I am looking for openings in the financial services sector either in customer relationship management or front office applications.
What would be the best way to make this switch (I am already making applications highlighting my transferable skills).
Are there any trainings which will help manage the change.
How to switch careers into Financial services in London, UK
Getting a job offer requires:
1) learning about what is expected of the position,
2) getting the experience required,
3) updating your resume’,
4) applying for a job,
5) performing well at the interview.
With solid experience, Financial Services and Customer Relationship Management (CRM), is a good place to focus. It’s time to study as much as you can about this area of expertise, update your resume’ and then apply for as many related jobs as you can.
1) Learn About The Job:
After several years working as a business analyst, you are probably already familiar with what a Customer Relationship Manager (CRM) does. But, you may not know what a specific company is looking for.
The main goals of a CRM is to retain clients the company already has while finding, attracting and winning new ones. It also involves enticing former clients to come back.
All this is done within a framework of reducing client services and marketing costs. To find out what, specifically, this means to a company, you can read through their job description and focus on the skills you still need to acquire.
These requirements will vary from company to company, so read through several job postings to get a feel for what you still need to learn.
2) Get Experience:
You can gain experience through volunteering to take on projects related to CRM work.
You can do this right where you are, with no need to put your current job at risk.

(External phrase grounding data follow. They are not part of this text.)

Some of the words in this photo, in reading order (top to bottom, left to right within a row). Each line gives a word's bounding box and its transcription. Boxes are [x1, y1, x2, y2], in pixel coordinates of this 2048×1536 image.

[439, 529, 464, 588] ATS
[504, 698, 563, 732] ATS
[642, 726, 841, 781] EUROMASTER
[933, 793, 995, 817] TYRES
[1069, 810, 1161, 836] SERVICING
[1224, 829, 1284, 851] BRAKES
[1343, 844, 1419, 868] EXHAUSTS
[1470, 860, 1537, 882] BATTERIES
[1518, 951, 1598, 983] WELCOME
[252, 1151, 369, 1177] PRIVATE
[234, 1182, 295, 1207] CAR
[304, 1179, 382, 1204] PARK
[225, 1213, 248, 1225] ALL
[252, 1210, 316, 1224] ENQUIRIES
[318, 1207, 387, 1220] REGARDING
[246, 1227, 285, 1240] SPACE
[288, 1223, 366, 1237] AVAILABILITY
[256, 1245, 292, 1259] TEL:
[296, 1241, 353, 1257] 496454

Look around and begin to find opportunities.
You can also gain a great deal of hands-on experience through online training, which can be done on your own time, at your own pace, in the privacy of your home.

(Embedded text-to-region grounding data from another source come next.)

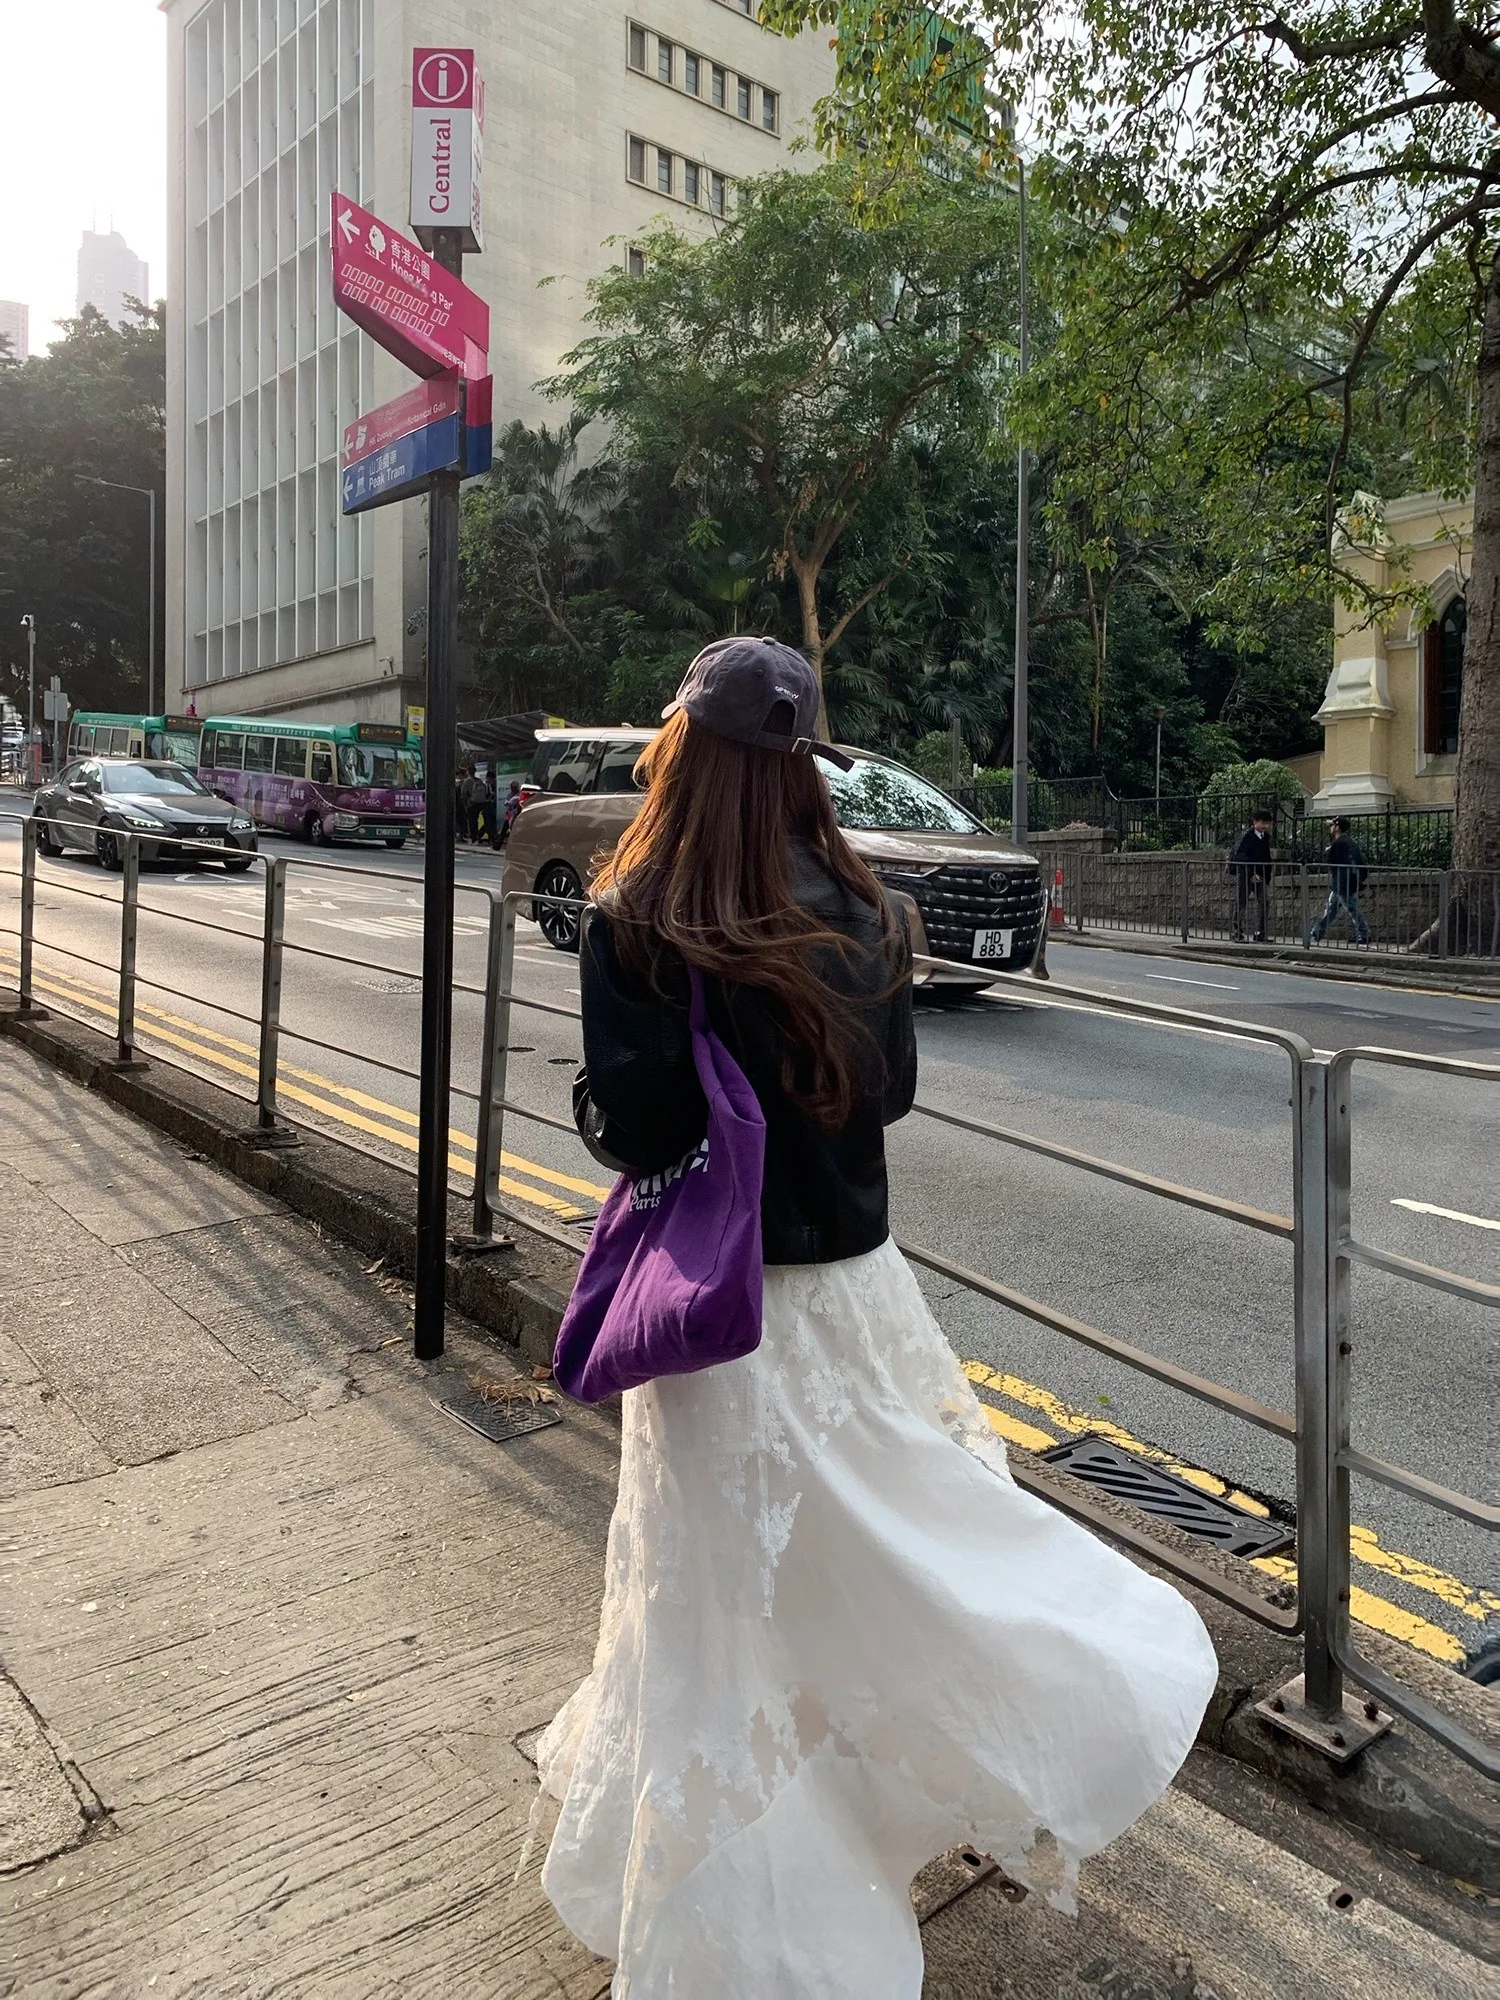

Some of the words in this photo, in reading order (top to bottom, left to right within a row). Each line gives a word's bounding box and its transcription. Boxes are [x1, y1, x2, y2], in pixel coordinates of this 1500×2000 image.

[429, 118, 451, 214] Central
[391, 238, 430, 281] 香港公園
[438, 292, 453, 311] Par
[368, 471, 385, 491] Peak
[386, 464, 406, 482] Tram
[985, 931, 1002, 944] HD
[979, 943, 1004, 957] 883
[628, 1191, 662, 1213] Paris

3) Update Your Resume’/Cover Letter:
Updating your resume’ with related skills alone is just the beginning. Your resume’ is your key to success.

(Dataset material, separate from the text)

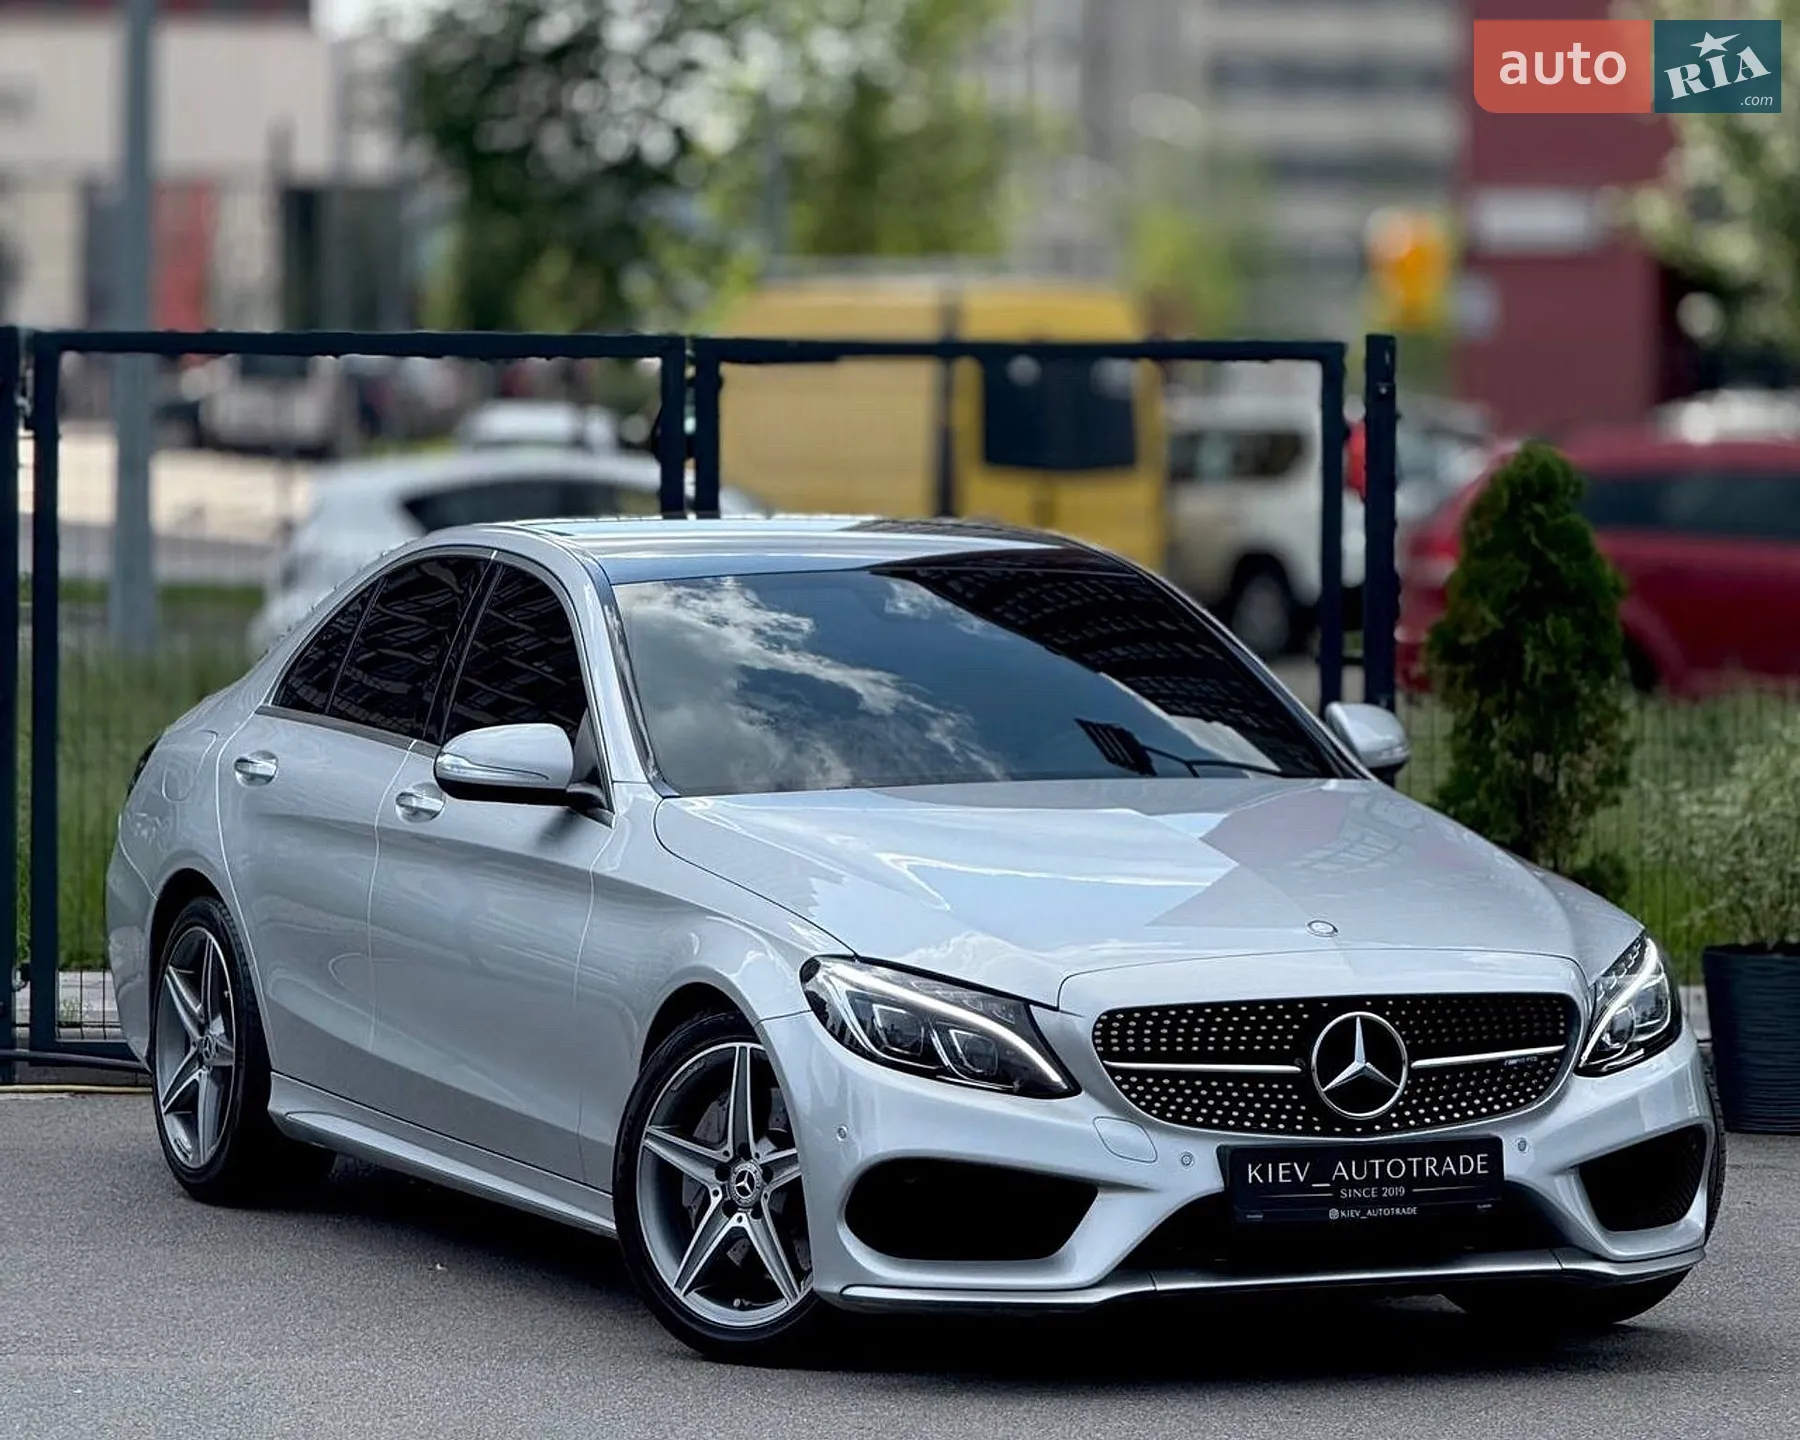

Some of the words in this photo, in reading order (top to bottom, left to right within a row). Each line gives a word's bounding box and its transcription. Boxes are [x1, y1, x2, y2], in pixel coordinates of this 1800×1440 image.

If it doesn’t fit what the hiring manager is looking for, the door to a new opportunity will be closed.
Make sure your resume’ highlights how you would be beneficial to the company.
Step back and read the resume’ as if you are in the hiring manager’s shoes. Would you hire yourself based upon your resume? If not, why not? Usually, the answer is because you are indicating what you want from the company, instead of what you can give to the company.
Nobody has the time or money to hire a beggar. Write your resume’ as if it is your life story, summarizing how your experience can help the organization meet a need.
Cover Letter When updating your resume’, don’t forget about the importance of a good cover letter.
Each cover letter should be custom-written directed toward each, individual, job you are applying for.
Write it from the perspective of how you are the best one for the job based upon specific experiences, which you should briefly point out in the body of the letter. Express confidence, but not arrogance.
4) Apply for Jobs:
Talk with recruiting agencies, and visit online job search sites that list professional jobs, such as Dice.com. Search specifically for CRM jobs.
Type in a variety of key search words to make sure you are not missing any opportunity.
You will also want to social network through sites such as Linkedin, Twitter, and any site that allows you to set up a profile which concentrates on professional achievements.
Take action and apply for as many jobs that match your interest. The more jobs you apply for, the better your chances of landing one. With the right qualifications, it’s just a matter of getting one company to recognize your value.
5) Interview Well:
With all the work put into just getting an interview, you won’t want to drop the ball now.
You’ve almost scored a job. Prepare for your interview by studying questions they may ask.
Typical interview questions usually include a question about why you left (or want to leave) your most recent position, what your goals are (where do you see yourself in 5 years), what are your major weaknesses, etc.
Always answer in a positive tone, and never complain or put anyone down during an interview. Of course, dress professionally.
The rule of thumb is to dress one notch better than how the interviewers are dressed.
You won’t want to overdress, making them feel uncomfortable or leaving the impression that you already have all the money and success you need.
But, you certainly don’t want to under dress. This requires doing some homework about the company to find out about their overall style and expectations.
Come prepared with examples of your business analyst work, by including in your portfolio print outs to show you have experience in every aspect of the business analyst’s job.
Make sure you edit the documents so they don’t reveal any confidential information about people you have previously worked for.
Before the interview, practice answering questions that might be asked, making sure you take time to stress your strengths and prior experience and knowledge of business analyst terminology as well.
And, always end the interview with a confident hand shake, followed up with a thank you note after you return home.
A Bonus Tip – Use Feedback as Training:
Pay attention to the feedback you are getting from recruiters and hiring managers.
Don’t take a rejection as a personal insult, but instead, use it to highlight any areas where you come out lacking.
Then, fill the gaps. When you take action, your next dilemma may be deciding which of the multiple job offers to choose from.